Consider De Lassalle v. Guildford, a loan contract case in which the latter part rented a house at the first. The landlord promised to repair the runoff before the tenant moved in. This promise was considered by the court to be a secondary contract that allowed the tenant to sue if he found that the exits had not been fixed as promised. The rules of proof of the watchword do not apply to ancillary contracts, but only to primary contracts. It can also be illustrated as follows: A support contract is a contract that encourages a person to enter into a separate “primary” contract. For example, if X agrees to purchase Y products manufactured by Z accordingly, based on Z`s assurance of the high quality of the goods, X and Z may consider that X and Z have entered into a guarantee agreement consisting of Z`s promise of quality made taking into account X`s promise to enter into the main contract with Y. This rule prevents parties from changing the importance of written contracts with oral or tacit agreements that are not included in the original contract, the latter impairing their integrity. This means that, when a contract is available in writing, subsequent agreements that are not entered into in writing are not proven in a contractual dispute.

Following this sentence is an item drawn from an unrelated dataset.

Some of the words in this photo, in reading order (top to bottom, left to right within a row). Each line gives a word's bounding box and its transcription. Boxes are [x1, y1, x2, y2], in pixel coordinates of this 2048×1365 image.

There are, however, several exceptions to this rule. A contracting party may attempt to demonstrate the existence of a security contract if its right to the infringement is denied because the statement on which they were based is not considered to be the duration of the principal contract. It was decided that the explanation must have been so successful.  In the event of a breach of a security contract, corrective action may be taken. The ancillary contracts are independent oral contracts, concluded between two parties to a separate agreement or between one of the original parties and a third party. Read 3 min A support contract, if it is falsified between the same parties as the main contract, must not be contrary to the main contract. In other words, if the term was agreed before the formal contract was concluded (but was still in place and could not be executed before the end of the second term), the first term will remain eligible.  In essence, security contracts cannot contradict an element of the main contract or the rights that flow from it.  Ancillary contracts are an exception to the practice of contractual doctrine, which states that a contract cannot impose obligations or rights on a party not related to the contract.

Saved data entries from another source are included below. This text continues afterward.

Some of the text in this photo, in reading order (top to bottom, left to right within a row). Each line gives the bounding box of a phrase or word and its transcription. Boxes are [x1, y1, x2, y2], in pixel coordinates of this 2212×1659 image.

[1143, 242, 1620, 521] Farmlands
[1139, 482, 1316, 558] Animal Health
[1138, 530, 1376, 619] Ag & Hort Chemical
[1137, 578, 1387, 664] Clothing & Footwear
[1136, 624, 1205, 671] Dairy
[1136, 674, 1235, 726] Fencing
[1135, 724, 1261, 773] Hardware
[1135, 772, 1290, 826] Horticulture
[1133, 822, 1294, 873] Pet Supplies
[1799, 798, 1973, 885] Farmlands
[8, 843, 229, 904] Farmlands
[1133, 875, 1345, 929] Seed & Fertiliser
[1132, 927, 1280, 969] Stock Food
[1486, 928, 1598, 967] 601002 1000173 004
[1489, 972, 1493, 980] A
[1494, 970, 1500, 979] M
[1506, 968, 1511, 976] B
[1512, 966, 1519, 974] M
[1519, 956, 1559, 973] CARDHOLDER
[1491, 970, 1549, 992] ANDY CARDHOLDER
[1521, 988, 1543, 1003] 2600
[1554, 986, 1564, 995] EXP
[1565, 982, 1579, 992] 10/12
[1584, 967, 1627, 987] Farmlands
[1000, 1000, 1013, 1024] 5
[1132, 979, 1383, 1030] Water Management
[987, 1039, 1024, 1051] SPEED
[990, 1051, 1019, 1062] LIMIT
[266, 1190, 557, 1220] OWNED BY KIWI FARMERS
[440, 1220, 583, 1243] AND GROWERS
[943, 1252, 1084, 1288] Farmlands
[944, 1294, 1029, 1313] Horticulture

 However, in cases where a security contract is entered into between a third party and one of the contracting parties, the Court may authorize rights or obligations to the non-contracting party, as outlined in the previous unauthorized Donoghue/Stevenson case.  Most security contracts are one-sided, which means only one party, in exchange for money. B, makes a promise (for example, the provision of a product or service). The agreement with the original contract is the consideration for the security contract. A support contract is usually a one-time contract which, taking into account the party whose benefit is exploited by the contract, enters into the main or principal contract, which sets additional conditions for the same purpose as the main contract.  For example, an ancillary contract is entered into when one party pays the other party a certain amount for entry into another contract.